What will the 1099-DA do for tax reporting?

In August, the Department of the Treasury and the Internal Revenue Service (IRS) released proposed regulations that would establish a broker-led reporting process for the sale and exchange of customers’ digital assets. 

The proposal created a new tax reporting form, Form 1099-DA, which would require key parties—“digital asset trading platforms, digital asset payment processors, and certain digital asset hosted wallets,” according to the IRS—to report to the IRS the gross proceeds that customers received from their digital assets. These forms would have to be shared with customers as well. Starting January 2026, brokers would also have to report gain, loss, and basis information related to digital-asset sales. 

The regulations would also extend to entities within the real-estate reporting process when digital assets are used in real estate transactions, and the value of digital assets would be included in Form 1099-S after January 2025. The proposed rules also address backup withholding.

“We need to make sure digital assets are not used to hide taxable income, and the proposed regulations are designed to provide a clearer line of sight into activities by high-income people as well as others using them,” said IRS Commissioner Danny Werfel. “We want to make sure everyone pays what they owe under the tax laws, and our research and experience demonstrate that third-party reporting improves compliance.”

Key to the form is a straightforward definition of what a digital asset is. The proposed rules define digital assets as “digital representations of value that use cryptography to secure transactions that are digitally recorded using distributed ledger technology on a distributed ledger, such as a blockchain or similar technology.” Crucially, these assets “do not exist in physical form” and are exclusively virtual. 

This specification is a welcome departure from the hodge-podge of revenue rulings and FAQs that previously governed crypto and many digital assets. “They don't really have any good regulations out there yet,” Emery Sheer, a Florida-based accountant who runs a YouTube channel on crypto taxation, told me when I wrote about this topic for WIRED in 2022. With a designated 1099 and a set group of responsible parties, crypto- and DA-adjacent groups can know what information they need to submit to the IRS, and how. 

But the rules aren’t fully set in stone yet. 

“It is certain that the form will be implemented in the US,” Jessalyn Dean, VP of Tax Information Reporting at blockchain accounting and tax platform Ledgible, told The Financial Revolutionist. “What is less certain is whether the broad scope of its application will be narrowed in terms of both the digital asset providers required to file it and the types of transactions that are reportable.”

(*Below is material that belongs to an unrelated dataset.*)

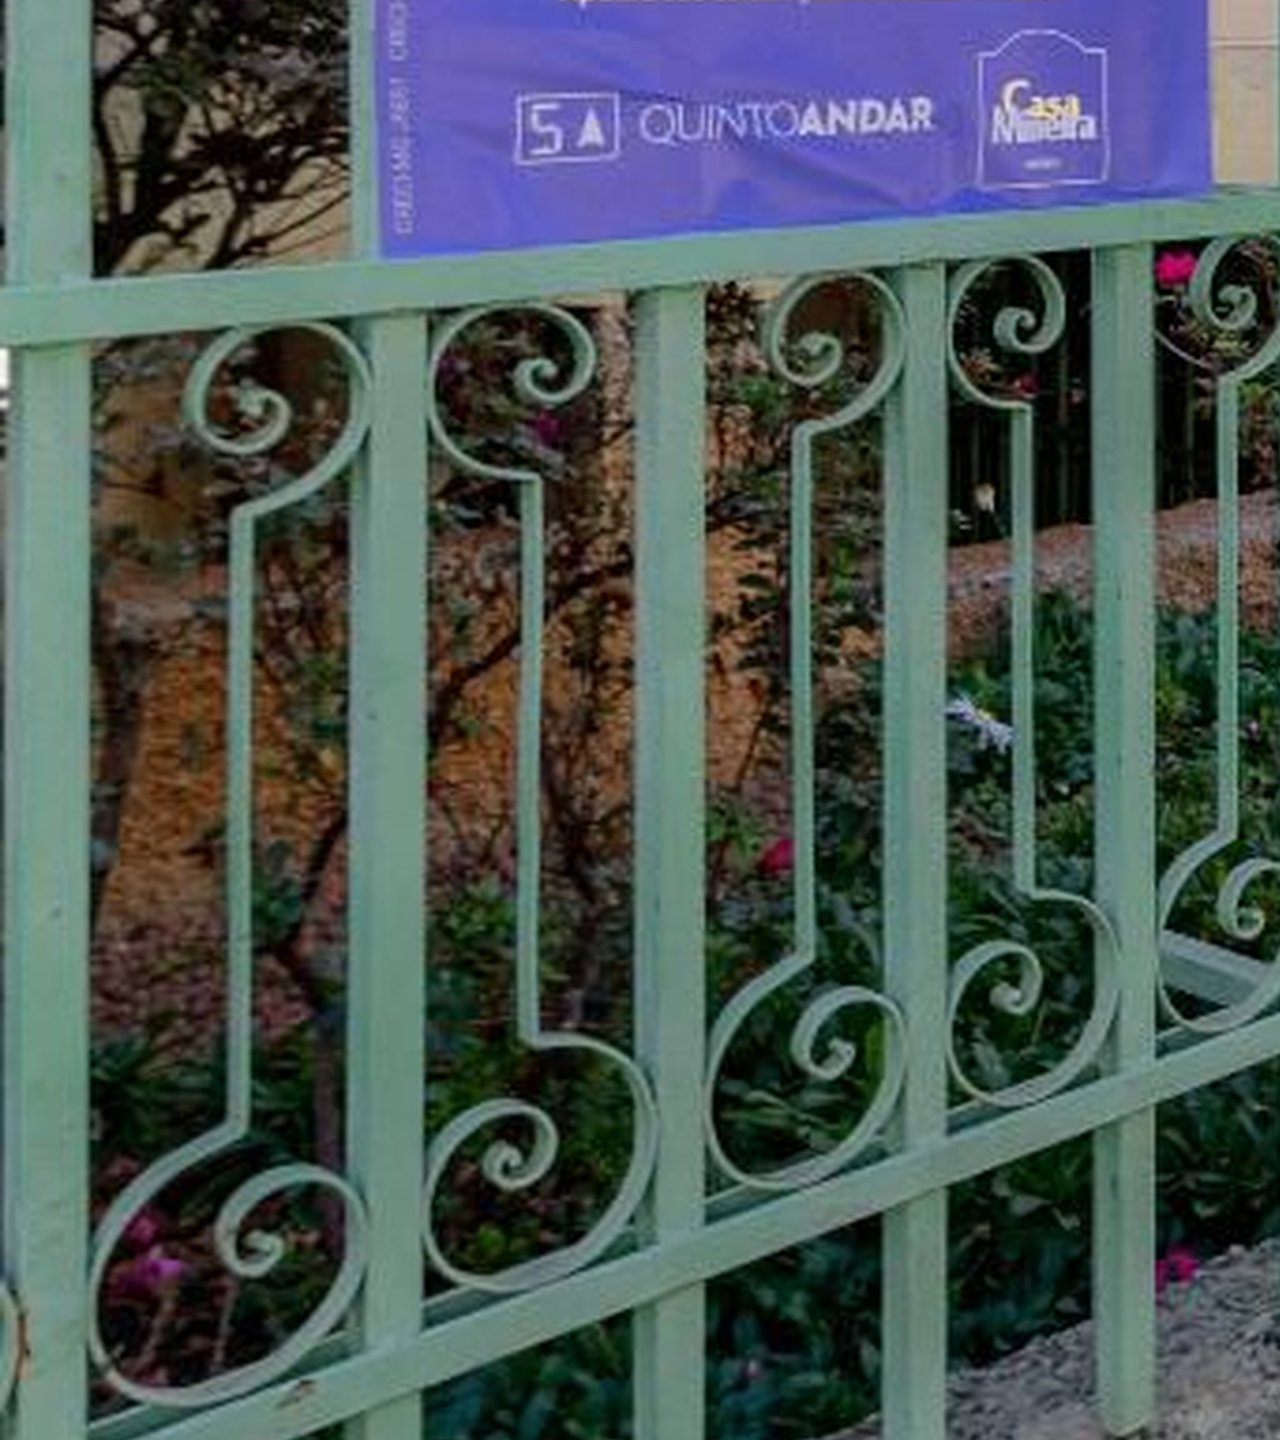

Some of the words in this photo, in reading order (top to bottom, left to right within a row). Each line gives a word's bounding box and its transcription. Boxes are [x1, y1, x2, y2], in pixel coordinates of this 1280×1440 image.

[638, 96, 934, 144] QUINTOANDAR
[1003, 79, 1081, 120] Casa
[992, 105, 1097, 145] Mineira

It’s also difficult for crypto platforms to determine the cost basis of a user’s assets if they’ve been held on more than one platform. This may lead many platforms to report a user’s cost basis as “missing,” and may compel users to sign up separately with services like CoinLedger, CoinTracker, and Ledgible.

On the ideological front, the reporting requirements may aggravate more philosophically driven subsets of blockchain users. Many DeFi consumers engage in the space due to its pseudonymous capabilities; that becomes nearly impossible when social security numbers and other identifiers enter the mix, and when DeFi platforms have to adjust for record-keeping and reporting requirements. 

From 1099-DA thus has cascading effects for the digital-asset space. Platforms lacking KYC protocols will have to implement them before 2025—or, in an unlikely turn, officially fork into explicitly illicit territory to meet the demands of evasive or libertarian users. 

Across the board, these platforms appear more invested in the potential of blockchain technology than the regulators governing their continued existence. The FR’s interview with Ledgible, for example, suggested it was doubling down on its belief that blockchain-based technology represents the future of governance—and not just finance. 

“Interestingly, in the future, Form 1099 reporting could be made obsolete by leveraging blockchain and identity tokens to withhold tax at the source and report directly to the IRS in real time,” Dean of Ledgible told The FR. “Innovations in this space could help to solve many of the regulatory reporting gaps that still need to be addressed especially around decentralized digital asset providers.”

Whether regulators agree with that sentiment is highly uncertain. An answer probably requires industry and consumer responses to 1099-DA to be settled first—and for regulators to understand the capabilities and risks of blockchain-based technologies.